Да у нас, знаете, и трудно клерикальностью особенно увлечься. Со священниками мы живем в эдакой житейской дружбе, семейно знакомы, всячески привыкаем к ним; с другой стороны, сказать вам правду, священники наши с женами – наименее культурная часть городского общества. Как бы, что ли, неровня нам немножко, и все это чувствуют, и они сами прежде всего, что им, конечно, делает честь. Я, вы понимаете, не о барстве говорю, сами можете судить, а об общем, что ли, уровне умственного развития. Оно и естественно: академисты там и другие, если по чисто ученой части – в монахи идут, или, если умный даже и священник, понявший моральное, нравственное значение религии, ее истинный исторический смысл, – он сейчас в деревню не пойдет, его место где-нибудь в Петербурге; деревня еще до него не доросла, а там он полезен. К нам идут наши же, большей частью из-за хлеба: поучится в городе в семинарии, свой же брат мужичок, – и готово. Пасет стадо понемножку. В догматах и в прочем выученном крепок, разъяснить, коли нужно, бабе, которая икона, Владимирская или Казанская, по воздуху шла, или которой из них надо молебен служить от потери зрения – может; чего ж еще?

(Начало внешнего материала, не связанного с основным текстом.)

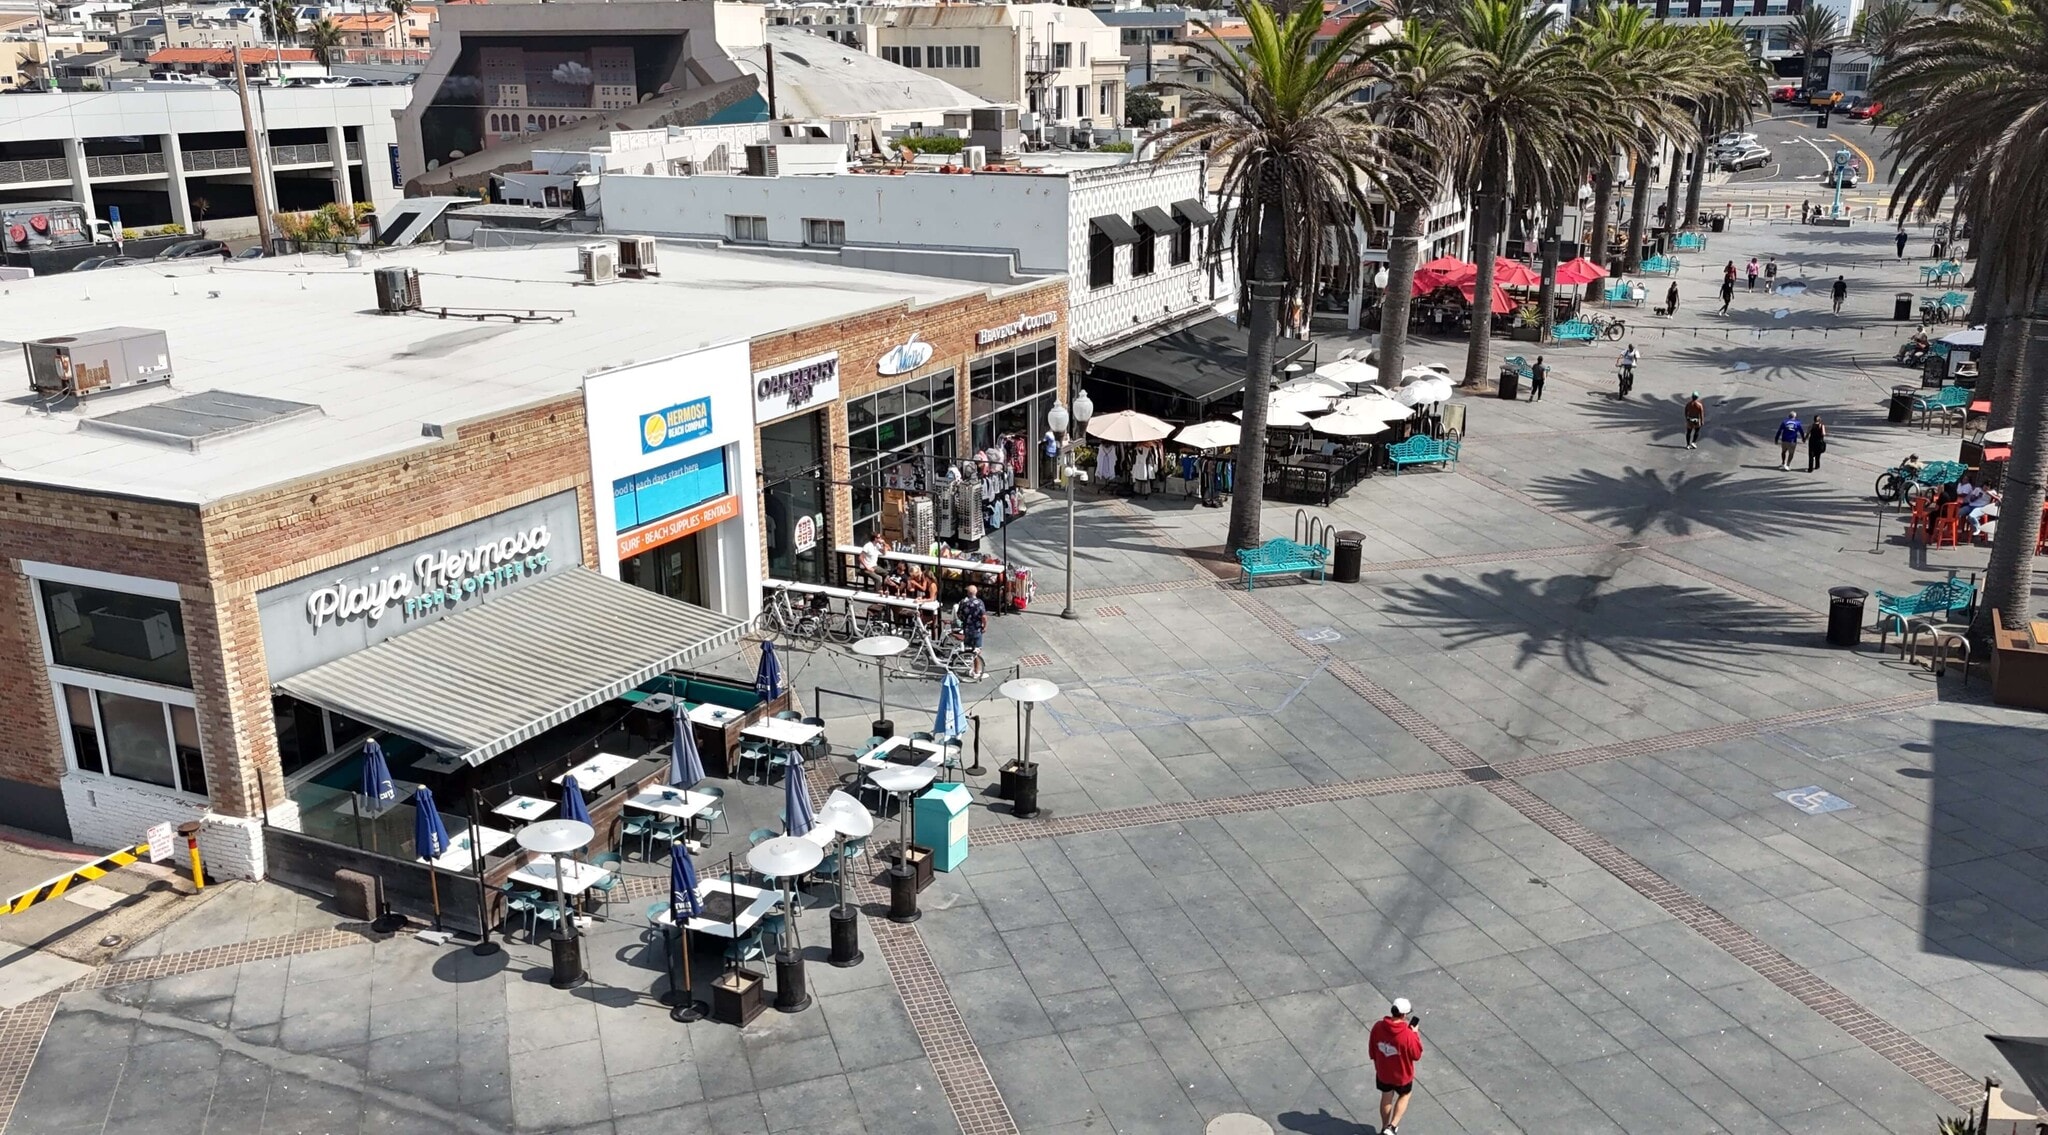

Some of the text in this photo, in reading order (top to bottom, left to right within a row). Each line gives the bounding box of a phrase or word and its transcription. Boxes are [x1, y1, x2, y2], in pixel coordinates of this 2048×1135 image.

[978, 311, 1058, 345] HEAVENLY COUTURE
[758, 358, 837, 399] OAKBERRY
[667, 401, 707, 428] HERMOSA
[668, 417, 708, 439] BEACH COMPANY
[614, 485, 629, 497] ood
[652, 473, 668, 485] days
[668, 468, 684, 480] start
[684, 462, 699, 474] here
[620, 502, 732, 554] SURF BEACH SUPPLIES RENTALS
[308, 525, 551, 627] Playa Hermosa
[405, 588, 445, 615] FISH
[462, 560, 524, 592] OYSTER

Друг друга они понимают с мужиком, потому что до семинарии-то вместе парнишками раков ловили; такой батюшка не мудрствует, а потому в православии крепок, в ересь его не свернешь. Вот недавно даже у нас мужичка совсем простого в священники поставили, – в свое же село. Он, правда, надела не имел, в уездном училище учился – не кончил, – так, перебивался кой-чем; агентом от товарищества машинок «Зингер» был, все разъезжал по уезду; да со священниками нашими и сошелся, понемножку миссионерить начал, перенял у них; ведь нашу сторону знаете, раскольников у нас – страх! Понравился нашим батюшкам, они и устроили ему как-то. Попит теперь в селе, ничего.